No shares will vest if net income is less than €12 million a year and they will vest progressively thereafter on a linear basis. So that 100% of the capitalistic products be definitively granted, the accumulated comprehensive income must reach:
For example, if net income is €20 million a year over the entire period, 51% shares will vest and if net income is €25 million a year over the entire period, 66% shares will vest.
The expense related to these plans is deferred over the vesting period. The corresponding amount recognised in equity is calculated on the basis of the overall plan value determined on the date of grant by the Board of Directors.
In accordance with IFRS 2, an expense of €193 million, calculated on the basis of the estimated probable number of shares under various plans, was recognised in respect of fiscal year 2019 (compared to €563 million at December 31, 2018). This IFRS 2 expense is related on the one hand to the initiation of new programs and the other hand to the program's progression and the realized income.
The loss on share buybacks used amounted to €1.841 million and was deducted from consolidated equity at 31 December 2019 (vs €376 thousand at December 31, 2018) which reduces the consolidated shareholders' equity.
The Annual Shareholders' Meeting of June 14, 2019 approved a 2018 dividend of €0.23 per share.
The dividend is in addition to the €0.20 distribution paid in November 2018. The full distribution for 2018 therefore amount to €0.43 per share.
The ex-dividend date was July 9, 2019, and the dividend was paid on July 11, 2019. Since the distribution was paid for €0.22602 from the share premium account, and €0.00398 was treated as a repayment of capital contributions, pursuant to Article 112-1 of the French tax code (Code général des impôts).
The dividend ultimately paid in cash amounted to €13.4 million.

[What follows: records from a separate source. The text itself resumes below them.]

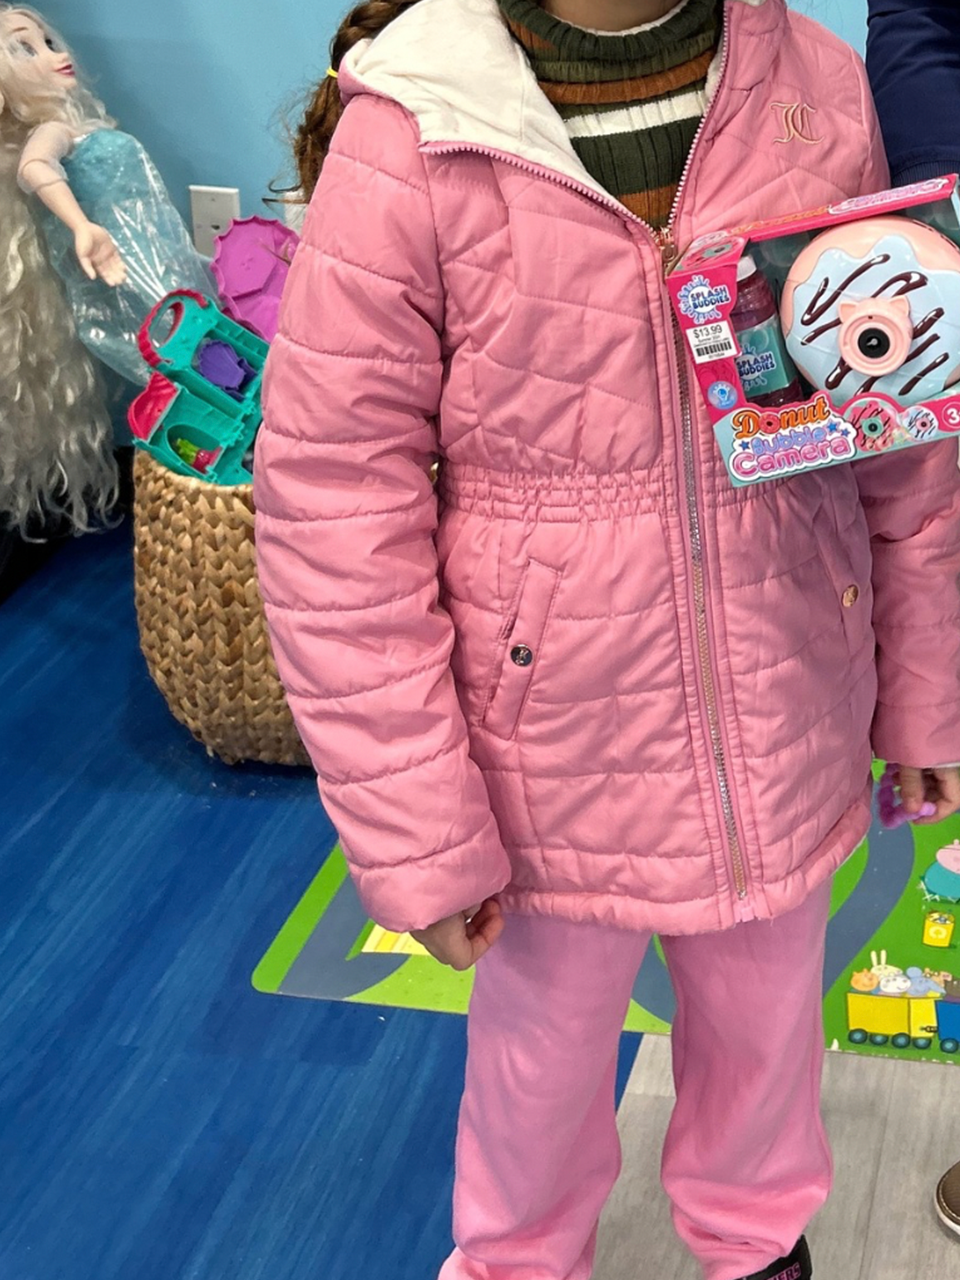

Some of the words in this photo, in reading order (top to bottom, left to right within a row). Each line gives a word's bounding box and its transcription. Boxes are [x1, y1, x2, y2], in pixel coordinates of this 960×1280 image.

[690, 286, 728, 302] SPLASH
[692, 296, 730, 309] BUDDIES
[693, 324, 722, 339] $13.99
[732, 396, 831, 439] Donut
[750, 426, 827, 455] Bubble
[733, 437, 851, 478] Camera

ABC arbitrage distributed twice €0.10 per share, solely in cash. The ex-dividend dates were October 8, 2019 and December 10, 2019, and the dividends were paid on October 10, 2019 and December 12, 2019. Since the distributions were paid from the share premium account, it was treated as a repayment of capital contributions, pursuant to Article 112-1 of the French tax code (Code général des impôts).

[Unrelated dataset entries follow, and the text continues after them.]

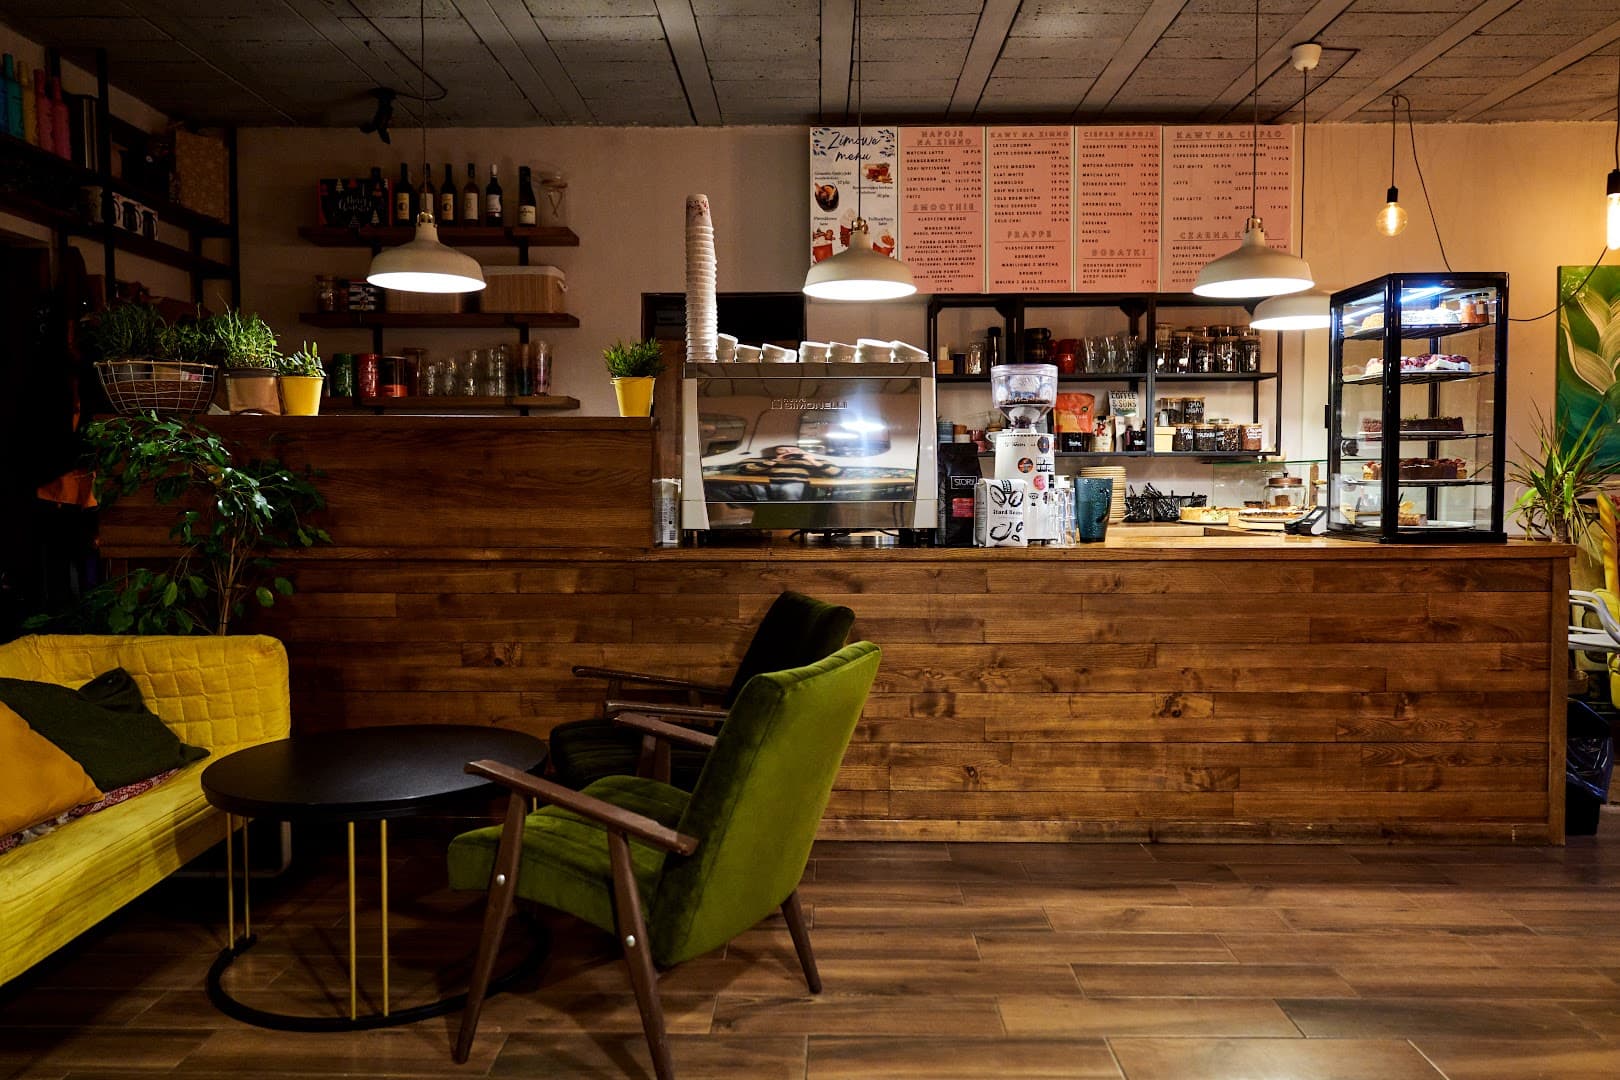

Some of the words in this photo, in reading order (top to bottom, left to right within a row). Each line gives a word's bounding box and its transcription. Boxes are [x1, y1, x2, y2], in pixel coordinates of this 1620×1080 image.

[921, 130, 964, 138] NAPOJE
[990, 131, 1018, 139] KAWY
[1038, 130, 1069, 138] ZIMNO
[1118, 130, 1154, 138] NAPOJE
[1176, 130, 1212, 139] KAWY
[1217, 130, 1233, 139] NA
[827, 131, 881, 150] Zimowe
[936, 138, 972, 146] ZIMNO
[834, 151, 872, 162] menu
[912, 203, 974, 211] SMOOTHIE
[1007, 230, 1052, 239] FRAPPE
[1179, 231, 1230, 240] CZARNA
[1091, 248, 1146, 257] DODATKI
[1111, 392, 1137, 400] COFFEE
[784, 402, 849, 410] SIMONELLI
[1118, 399, 1137, 408] SONS
[953, 478, 975, 486] STORY

In view of the number of ABC arbitrage shares qualifying for the payment, the total amount came to €11.6 million.
At December 31, 2019, ABC arbitrage's share capital amounted to €936,192.848 and was represented by 58,512,053 fully paid ordinary shares with a par value of €0.016 each (no change compared to December 31, 2018).
During 2019, ABC arbitrage sold 170,405 shares under the market-making agreement with Kepler Cheuvreux. At the same time 145,553 have been brought back.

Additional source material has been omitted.